What to produce:
Leave the pictures behind and reproduce every line of the listing exactly.

The data:
· · · · · · ·

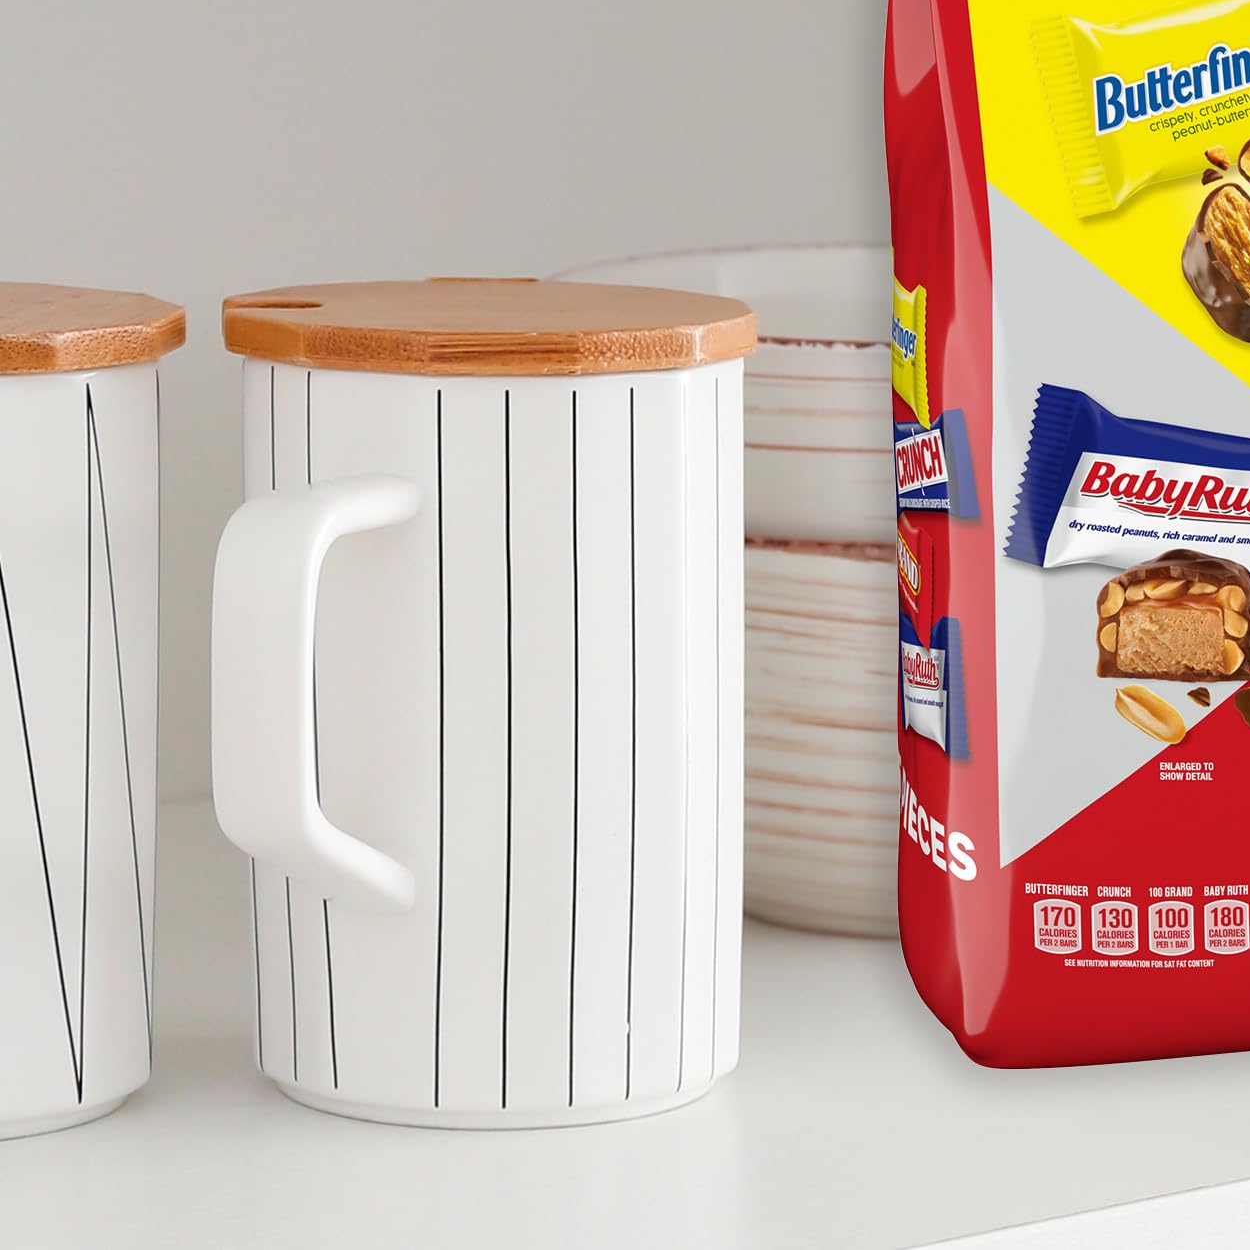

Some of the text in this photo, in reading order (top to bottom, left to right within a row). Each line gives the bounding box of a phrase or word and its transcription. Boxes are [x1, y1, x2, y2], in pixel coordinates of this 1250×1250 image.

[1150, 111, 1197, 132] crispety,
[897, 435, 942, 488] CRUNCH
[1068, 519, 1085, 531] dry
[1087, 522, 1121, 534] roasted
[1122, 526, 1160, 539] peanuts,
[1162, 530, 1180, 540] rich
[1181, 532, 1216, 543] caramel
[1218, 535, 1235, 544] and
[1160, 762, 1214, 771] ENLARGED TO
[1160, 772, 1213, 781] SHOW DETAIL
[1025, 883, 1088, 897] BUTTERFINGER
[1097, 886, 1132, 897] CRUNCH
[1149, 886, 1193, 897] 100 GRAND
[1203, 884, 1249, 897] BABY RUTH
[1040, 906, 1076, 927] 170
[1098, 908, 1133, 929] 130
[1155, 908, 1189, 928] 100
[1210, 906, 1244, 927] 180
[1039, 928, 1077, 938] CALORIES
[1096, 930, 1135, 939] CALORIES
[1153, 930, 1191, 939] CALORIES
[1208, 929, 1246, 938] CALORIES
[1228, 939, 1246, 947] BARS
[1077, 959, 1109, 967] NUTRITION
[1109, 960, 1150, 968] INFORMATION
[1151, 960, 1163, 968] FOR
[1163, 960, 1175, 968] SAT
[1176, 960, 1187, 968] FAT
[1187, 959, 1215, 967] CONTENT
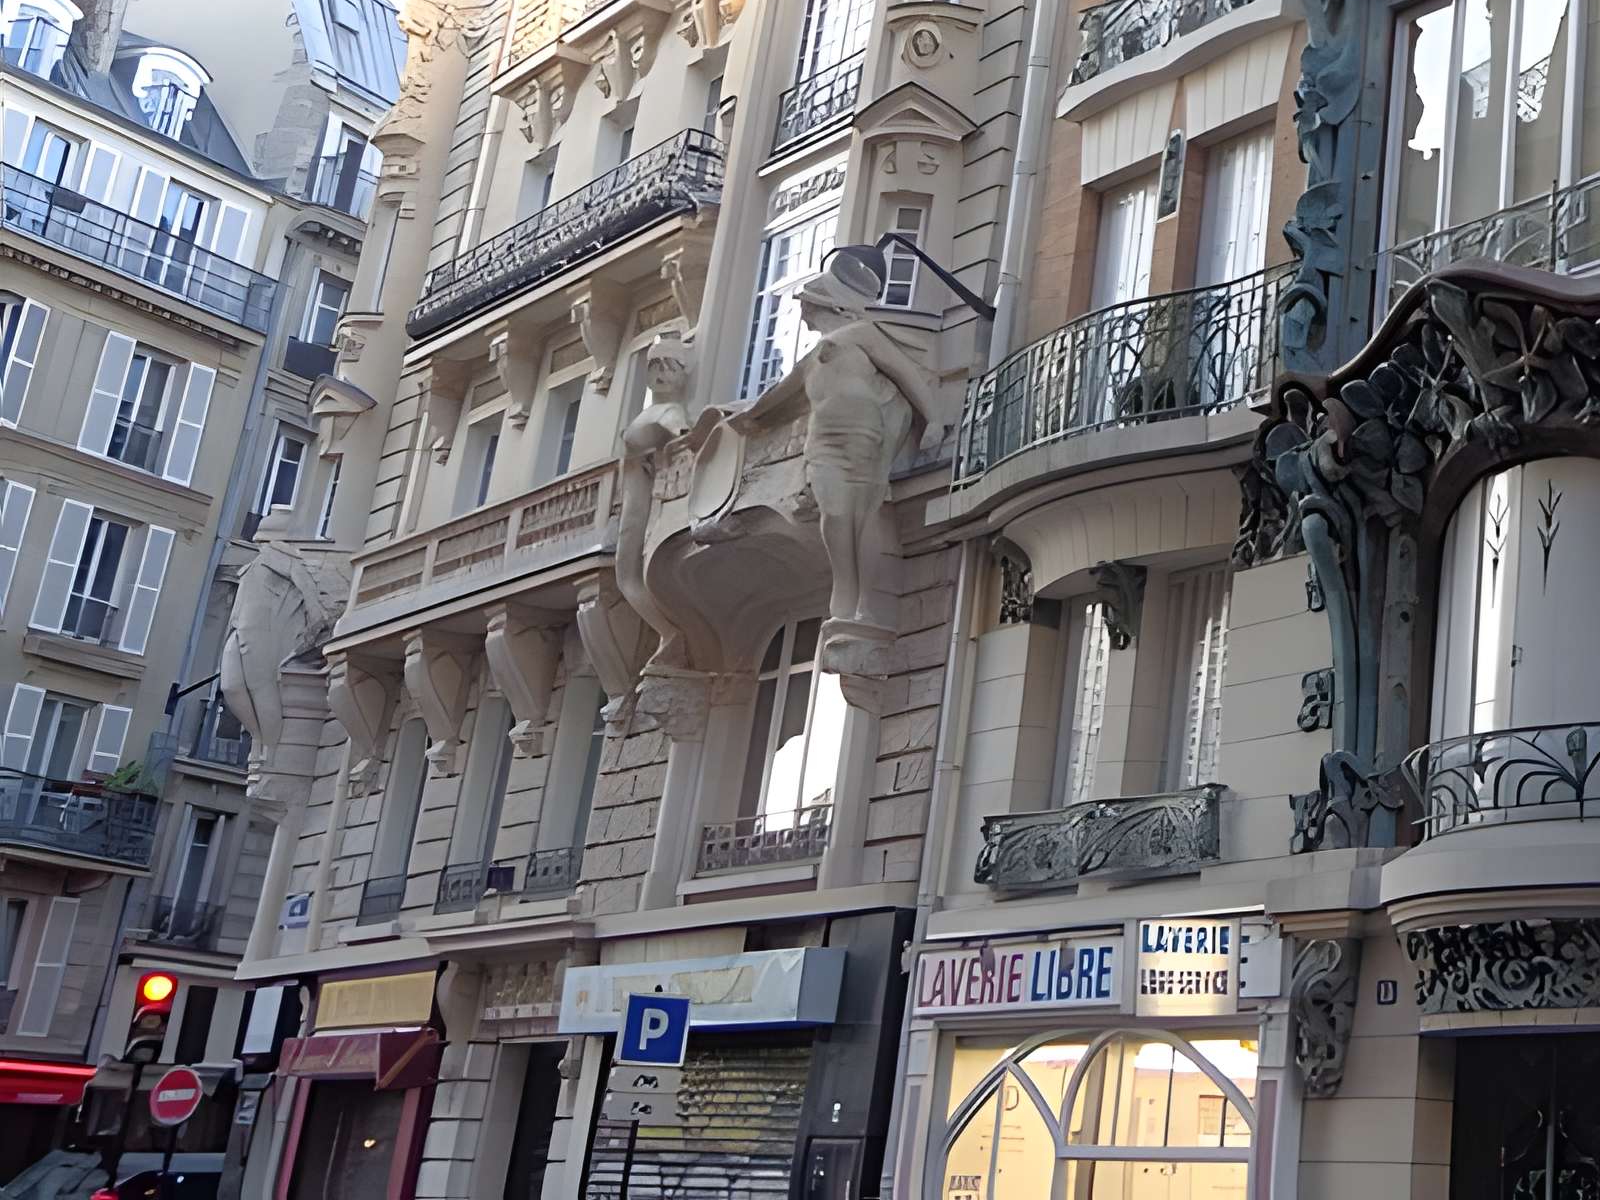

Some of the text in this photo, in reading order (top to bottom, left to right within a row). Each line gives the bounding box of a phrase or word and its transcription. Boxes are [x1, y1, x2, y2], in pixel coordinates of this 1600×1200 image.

· · · · · · ·

Solution to this problem:
Some of the text in this photo, in reading order (top to bottom, left to right within a row). Each line gives the bounding box of a phrase or word and its transcription. Boxes are [x1, y1, x2, y2], in pixel coordinates of this 1250×1250 image.

[1150, 111, 1197, 132] crispety,
[897, 435, 942, 488] CRUNCH
[1068, 519, 1085, 531] dry
[1087, 522, 1121, 534] roasted
[1122, 526, 1160, 539] peanuts,
[1162, 530, 1180, 540] rich
[1181, 532, 1216, 543] caramel
[1218, 535, 1235, 544] and
[1160, 762, 1214, 771] ENLARGED TO
[1160, 772, 1213, 781] SHOW DETAIL
[1025, 883, 1088, 897] BUTTERFINGER
[1097, 886, 1132, 897] CRUNCH
[1149, 886, 1193, 897] 100 GRAND
[1203, 884, 1249, 897] BABY RUTH
[1040, 906, 1076, 927] 170
[1098, 908, 1133, 929] 130
[1155, 908, 1189, 928] 100
[1210, 906, 1244, 927] 180
[1039, 928, 1077, 938] CALORIES
[1096, 930, 1135, 939] CALORIES
[1153, 930, 1191, 939] CALORIES
[1208, 929, 1246, 938] CALORIES
[1228, 939, 1246, 947] BARS
[1077, 959, 1109, 967] NUTRITION
[1109, 960, 1150, 968] INFORMATION
[1151, 960, 1163, 968] FOR
[1163, 960, 1175, 968] SAT
[1176, 960, 1187, 968] FAT
[1187, 959, 1215, 967] CONTENT

Some of the text in this photo, in reading order (top to bottom, left to right within a row). Each line gives the bounding box of a phrase or word and its transcription. Boxes are [x1, y1, x2, y2], in pixel coordinates of this 1600×1200 image.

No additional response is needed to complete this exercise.